Atualmente, a AHB presta conta diretamente ao Ministério da Saúde, recebendo pelos serviços realizados, com cotas mensais fixas para cada procedimento. Por exemplo, se não forem feitas todas as cirurgias cardíacas permitidas naquele mês, a verba que sobrará não pode ser utilizada para outro tipo de procedimento necessário e que haja demanda reprimida, explicou Eliane.

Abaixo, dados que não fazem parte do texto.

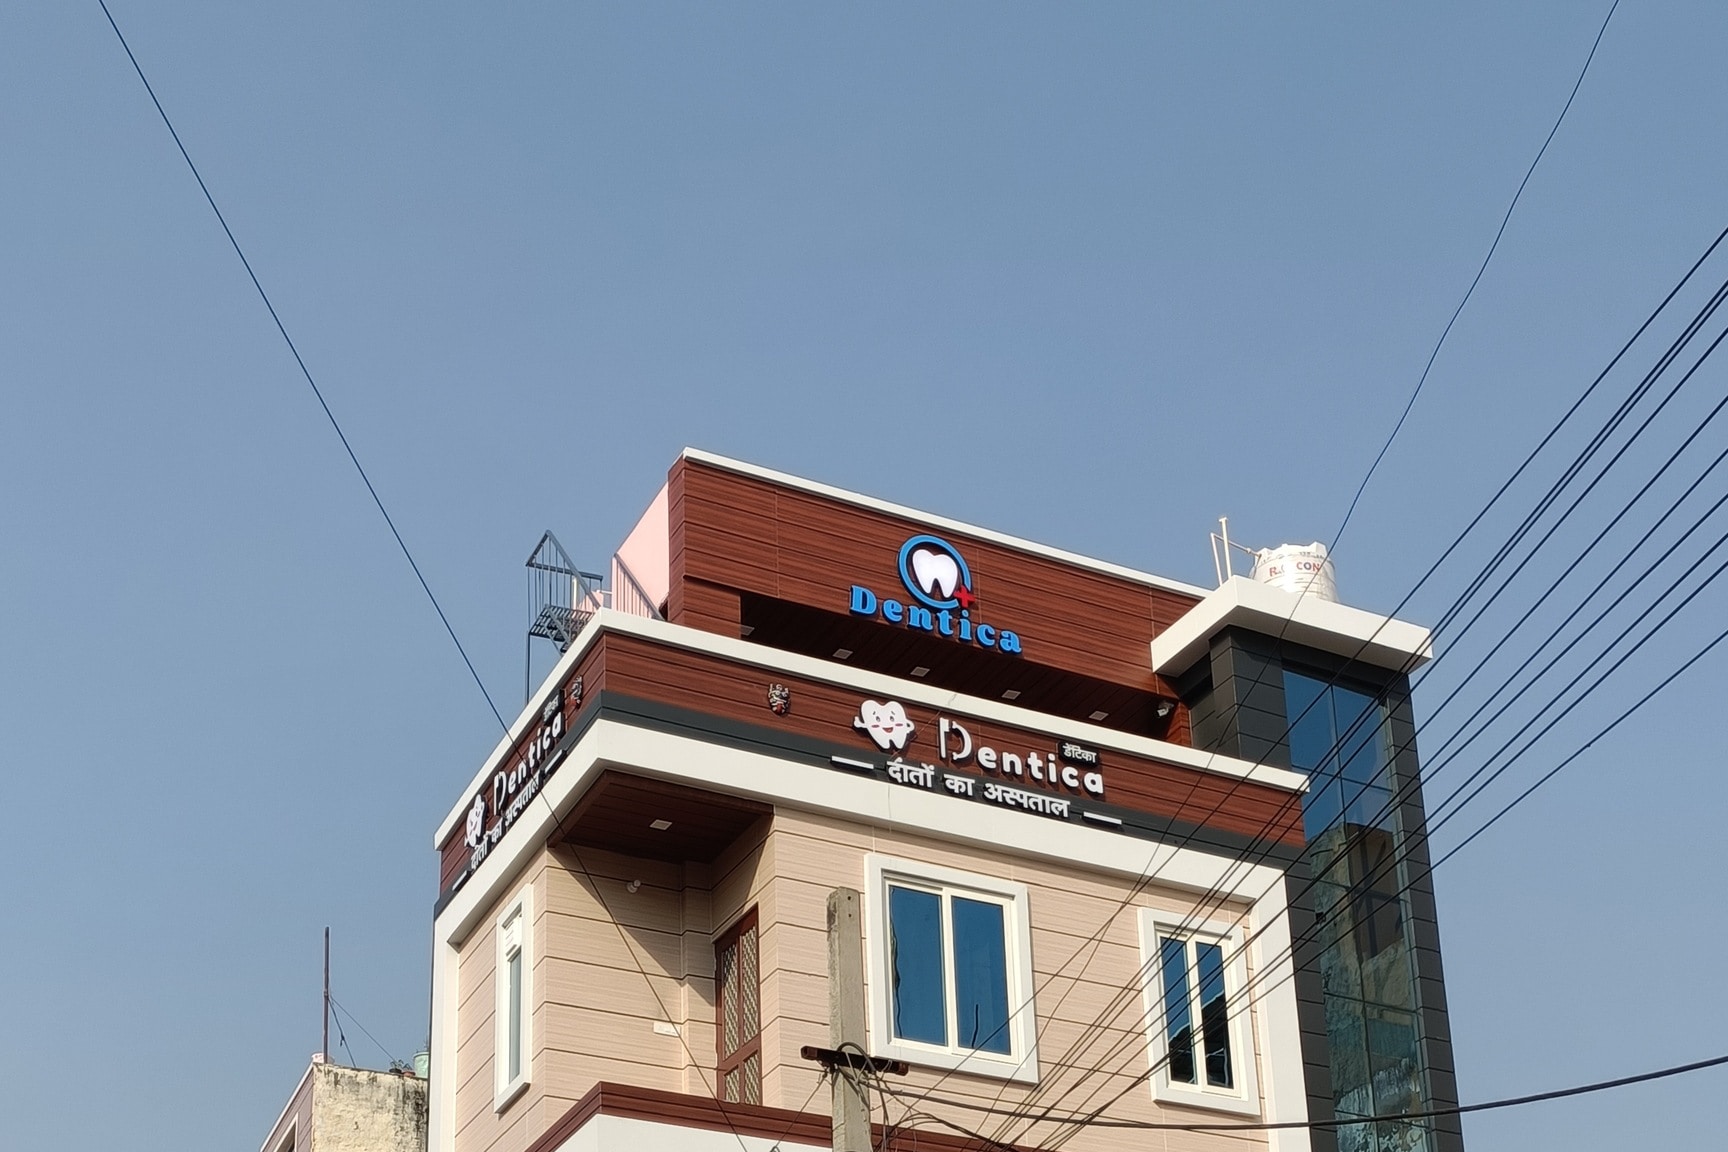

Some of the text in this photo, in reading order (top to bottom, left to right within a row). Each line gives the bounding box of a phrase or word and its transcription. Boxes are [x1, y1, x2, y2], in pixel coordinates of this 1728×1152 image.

[850, 585, 1022, 654] Dentica
[494, 711, 562, 816] Dentica
[939, 717, 1104, 794] Dentica
[944, 773, 975, 796] का
[984, 783, 1071, 818] अस्पताल
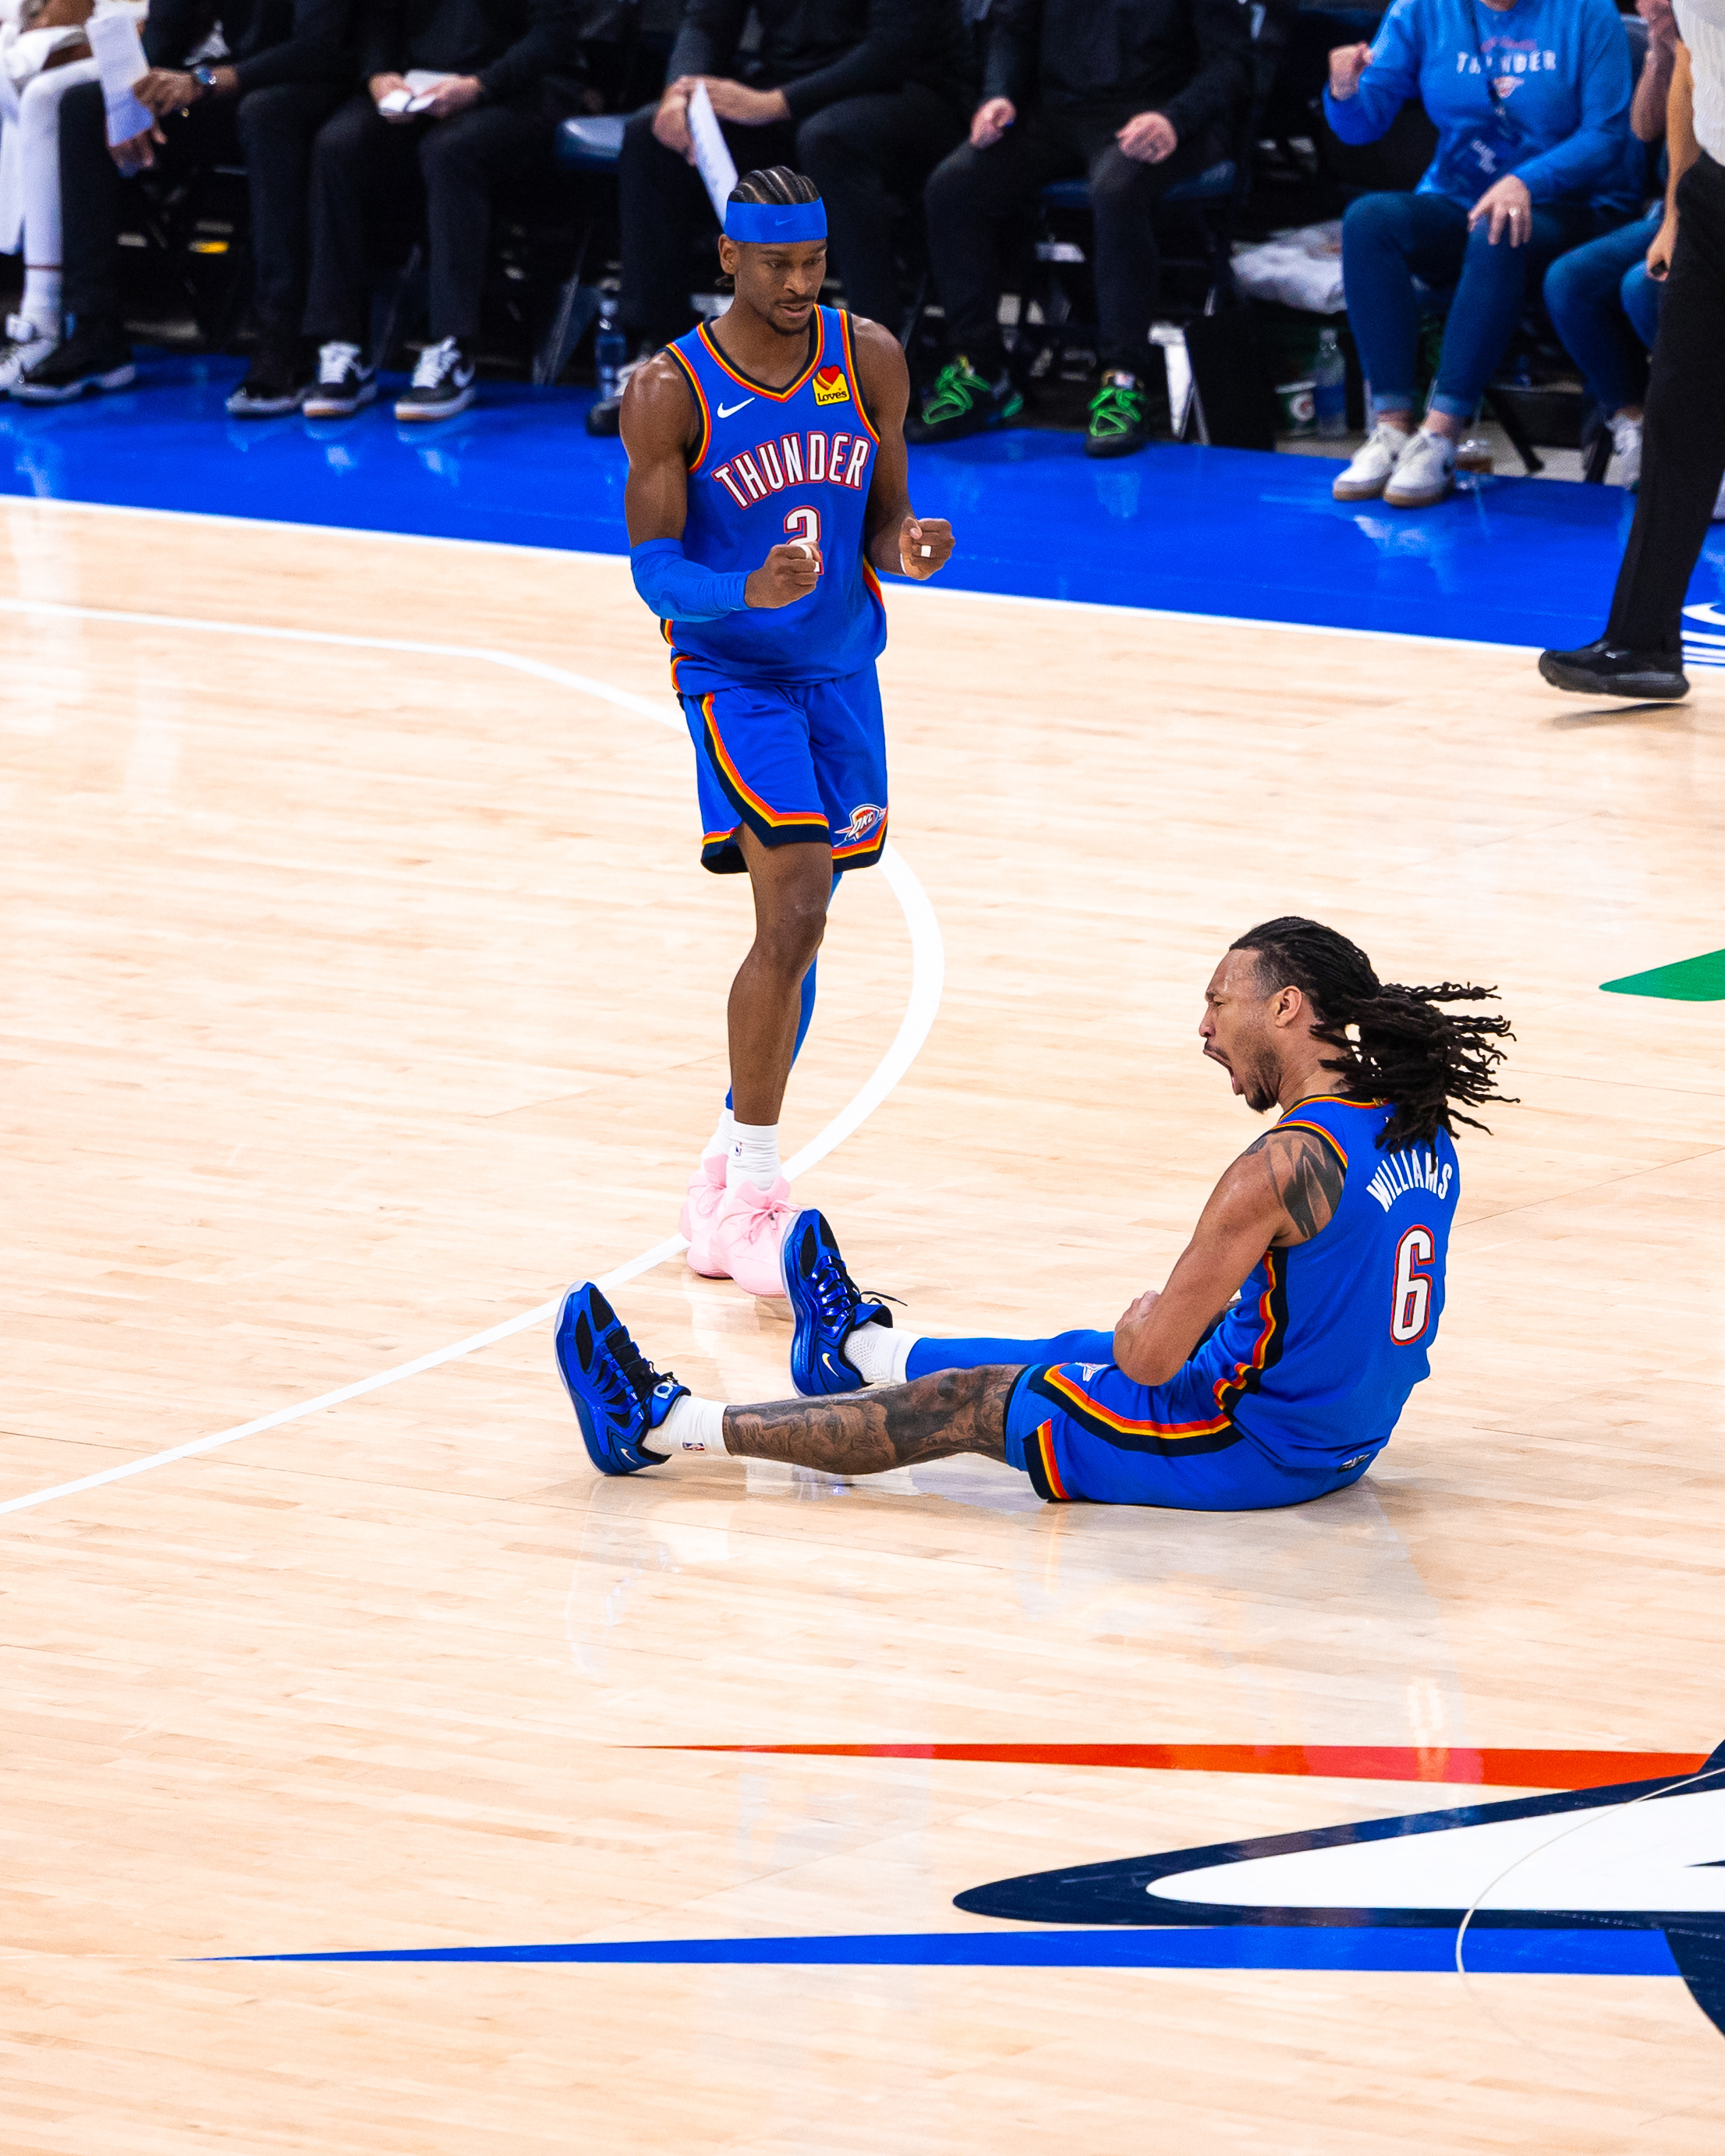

Com a municipalização plena, essa situação será alterada. O Município pode reduzir a cota de determinado exame e aumentar a cota de uma cirurgia específica, para qual há mais demanda, por exemplo, desde que, ao todo, não ultrapasse a verba mensal de R$ 1,8 milhão. Assim que a Secretaria Municipal de Saúde receber a resposta do Estado quanto à inclusão dos hospitais da AHB na municipalização, Eliane disse que vai convocar uma reunião com o Conselho Municipal de Saúde para analisar a situação e decidir os novos rumos do processo.
Responsabilidade fiscal
Outra vantagem da municipalização plena da Saúde, além da autonomia para aumentar ou reduzir cotas dos atendimentos feitos pelo SUS dentro do limite de R$ 1,8 milhão por mês, é a possibilidade de novas contratações sem infringir à Lei de Responsabilidade Fiscal. Isso porque R$ 1,8 milhão vai entrar na conta da Prefeitura todo mês.
Apesar de a verba ser destinada especificamente para pagamento de atendimentos feitos pelos hospitais - não podendo ser utilizada para construir novos núcleos de saúde, por exemplo -, dará condições fiscais à Secretaria Municipal de Saúde de fazer novas contratações de pessoal sem ultrapassar o gasto máximo com pessoal determinado pela Lei de Responsabilidade Fiscal, explicou Eliane Fetter Telles Nunes.
Ela ressaltou que, atualmente, por causa da Lei de Responsabilidade Fiscal, a Secretaria Municipal de Saúde não pode contratar mais funcionários para não ultrapassar o limite de 54% do orçamento da Prefeitura gasto com pessoal.